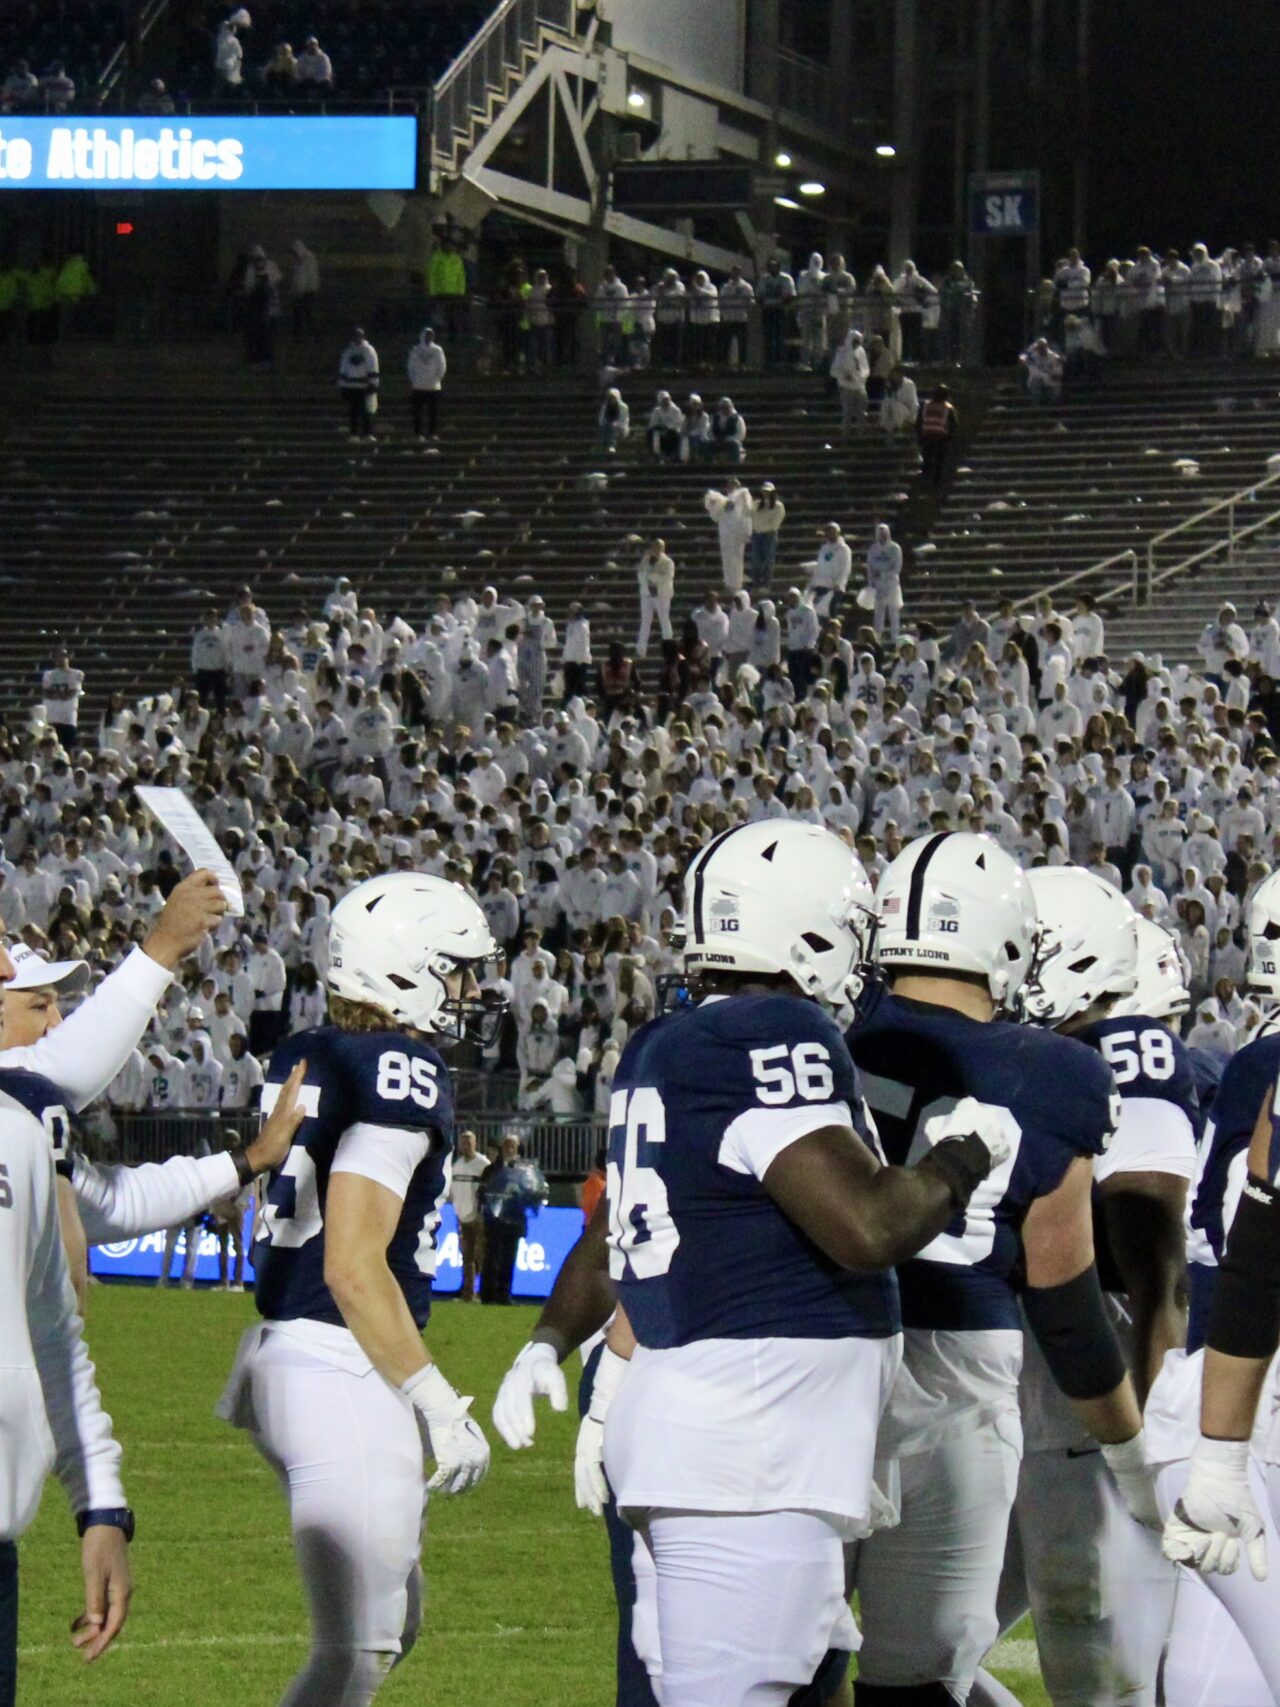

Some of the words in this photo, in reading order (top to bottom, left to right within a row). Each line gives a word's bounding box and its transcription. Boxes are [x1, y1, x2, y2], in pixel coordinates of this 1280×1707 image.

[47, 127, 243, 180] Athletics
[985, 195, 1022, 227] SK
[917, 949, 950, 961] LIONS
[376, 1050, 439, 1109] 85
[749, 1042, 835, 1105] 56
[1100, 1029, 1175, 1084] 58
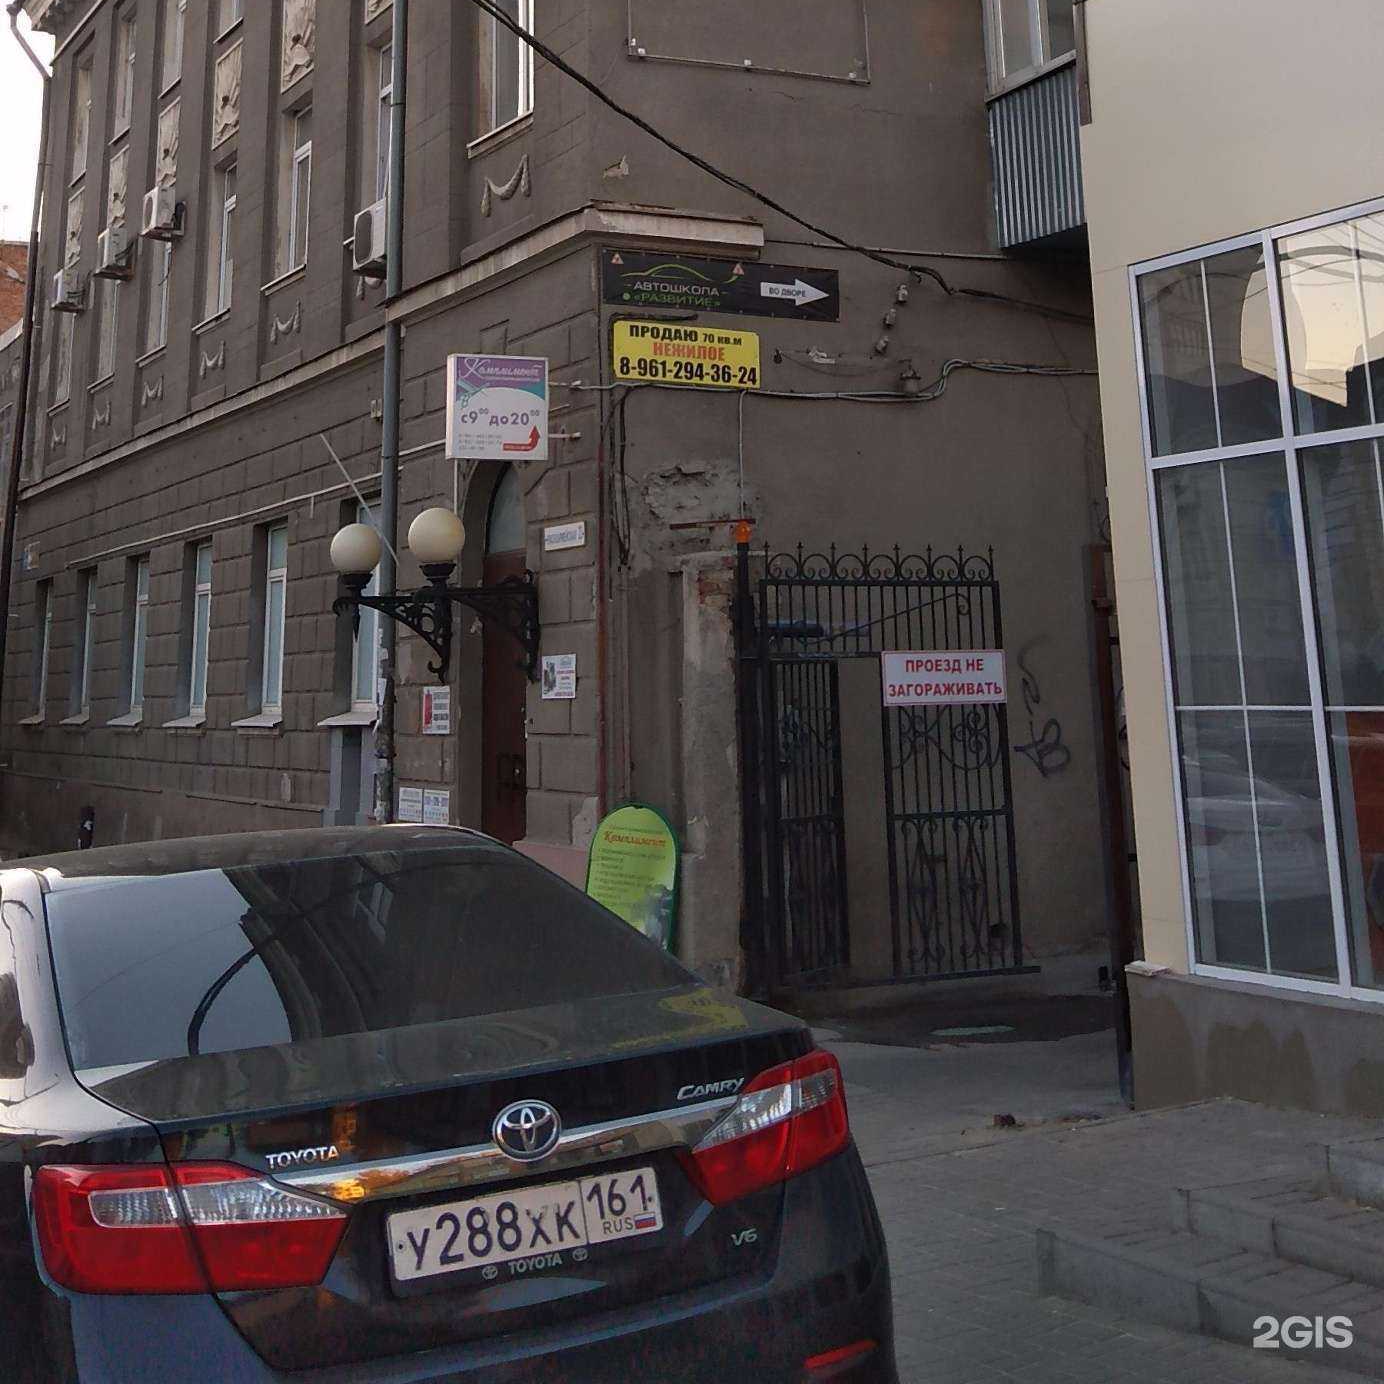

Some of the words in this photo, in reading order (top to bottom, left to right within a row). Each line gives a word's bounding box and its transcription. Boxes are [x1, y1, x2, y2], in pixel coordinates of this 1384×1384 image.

══════

EXERCISE PROMPT: Retype the listing above exactly, pictures excluded.

SOLUTION TO THIS EXERCISE:
Some of the words in this photo, in reading order (top to bottom, left to right within a row). Each line gives a word's bounding box and its transcription. Boxes are [x1, y1, x2, y2], in pixel coordinates of this 1280×1707 image.

[47, 127, 243, 180] Athletics
[985, 195, 1022, 227] SK
[917, 949, 950, 961] LIONS
[376, 1050, 439, 1109] 85
[749, 1042, 835, 1105] 56
[1100, 1029, 1175, 1084] 58

Some of the words in this photo, in reading order (top to bottom, left to right within a row). Each line gives a word's bounding box and its transcription. Boxes are [x1, y1, x2, y2], in pixel coordinates of this 1384×1384 image.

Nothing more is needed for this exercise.